» Stored data:
..............................

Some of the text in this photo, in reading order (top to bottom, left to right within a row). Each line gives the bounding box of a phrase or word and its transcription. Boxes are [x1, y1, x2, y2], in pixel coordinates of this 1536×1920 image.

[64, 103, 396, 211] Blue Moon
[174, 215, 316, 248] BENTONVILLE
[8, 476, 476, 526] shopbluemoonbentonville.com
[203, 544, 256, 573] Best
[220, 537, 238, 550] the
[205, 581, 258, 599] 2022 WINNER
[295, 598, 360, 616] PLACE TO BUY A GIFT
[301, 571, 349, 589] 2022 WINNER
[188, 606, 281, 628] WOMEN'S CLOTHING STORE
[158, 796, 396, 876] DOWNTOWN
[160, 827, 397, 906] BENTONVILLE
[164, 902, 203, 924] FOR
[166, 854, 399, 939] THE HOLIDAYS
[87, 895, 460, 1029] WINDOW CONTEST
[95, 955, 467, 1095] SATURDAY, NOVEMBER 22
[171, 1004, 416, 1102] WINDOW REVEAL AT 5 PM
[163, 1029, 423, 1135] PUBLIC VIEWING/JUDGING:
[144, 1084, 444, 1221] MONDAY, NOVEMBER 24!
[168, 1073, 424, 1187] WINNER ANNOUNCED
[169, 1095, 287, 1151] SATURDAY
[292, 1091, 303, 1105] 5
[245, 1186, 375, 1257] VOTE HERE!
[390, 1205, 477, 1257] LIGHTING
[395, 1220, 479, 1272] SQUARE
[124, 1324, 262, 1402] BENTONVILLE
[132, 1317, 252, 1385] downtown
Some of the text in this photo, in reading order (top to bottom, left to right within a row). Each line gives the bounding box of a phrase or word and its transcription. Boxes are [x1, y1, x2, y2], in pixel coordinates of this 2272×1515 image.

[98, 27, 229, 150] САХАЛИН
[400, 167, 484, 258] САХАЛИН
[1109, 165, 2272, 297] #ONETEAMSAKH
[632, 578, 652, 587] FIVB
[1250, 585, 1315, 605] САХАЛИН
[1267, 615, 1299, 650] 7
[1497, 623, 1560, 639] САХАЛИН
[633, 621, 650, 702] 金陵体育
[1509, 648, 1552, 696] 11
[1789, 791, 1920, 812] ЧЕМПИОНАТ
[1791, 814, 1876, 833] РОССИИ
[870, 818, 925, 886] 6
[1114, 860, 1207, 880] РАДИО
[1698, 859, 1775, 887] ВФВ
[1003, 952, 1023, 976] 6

..............................

» Work task: All of the records above should be repeated exactly.

» Result for this task:
Some of the text in this photo, in reading order (top to bottom, left to right within a row). Each line gives the bounding box of a phrase or word and its transcription. Boxes are [x1, y1, x2, y2], in pixel coordinates of this 1536×1920 image.

[64, 103, 396, 211] Blue Moon
[174, 215, 316, 248] BENTONVILLE
[8, 476, 476, 526] shopbluemoonbentonville.com
[203, 544, 256, 573] Best
[220, 537, 238, 550] the
[205, 581, 258, 599] 2022 WINNER
[295, 598, 360, 616] PLACE TO BUY A GIFT
[301, 571, 349, 589] 2022 WINNER
[188, 606, 281, 628] WOMEN'S CLOTHING STORE
[158, 796, 396, 876] DOWNTOWN
[160, 827, 397, 906] BENTONVILLE
[164, 902, 203, 924] FOR
[166, 854, 399, 939] THE HOLIDAYS
[87, 895, 460, 1029] WINDOW CONTEST
[95, 955, 467, 1095] SATURDAY, NOVEMBER 22
[171, 1004, 416, 1102] WINDOW REVEAL AT 5 PM
[163, 1029, 423, 1135] PUBLIC VIEWING/JUDGING:
[144, 1084, 444, 1221] MONDAY, NOVEMBER 24!
[168, 1073, 424, 1187] WINNER ANNOUNCED
[169, 1095, 287, 1151] SATURDAY
[292, 1091, 303, 1105] 5
[245, 1186, 375, 1257] VOTE HERE!
[390, 1205, 477, 1257] LIGHTING
[395, 1220, 479, 1272] SQUARE
[124, 1324, 262, 1402] BENTONVILLE
[132, 1317, 252, 1385] downtown
Some of the text in this photo, in reading order (top to bottom, left to right within a row). Each line gives the bounding box of a phrase or word and its transcription. Boxes are [x1, y1, x2, y2], in pixel coordinates of this 2272×1515 image.

[98, 27, 229, 150] САХАЛИН
[400, 167, 484, 258] САХАЛИН
[1109, 165, 2272, 297] #ONETEAMSAKH
[632, 578, 652, 587] FIVB
[1250, 585, 1315, 605] САХАЛИН
[1267, 615, 1299, 650] 7
[1497, 623, 1560, 639] САХАЛИН
[633, 621, 650, 702] 金陵体育
[1509, 648, 1552, 696] 11
[1789, 791, 1920, 812] ЧЕМПИОНАТ
[1791, 814, 1876, 833] РОССИИ
[870, 818, 925, 886] 6
[1114, 860, 1207, 880] РАДИО
[1698, 859, 1775, 887] ВФВ
[1003, 952, 1023, 976] 6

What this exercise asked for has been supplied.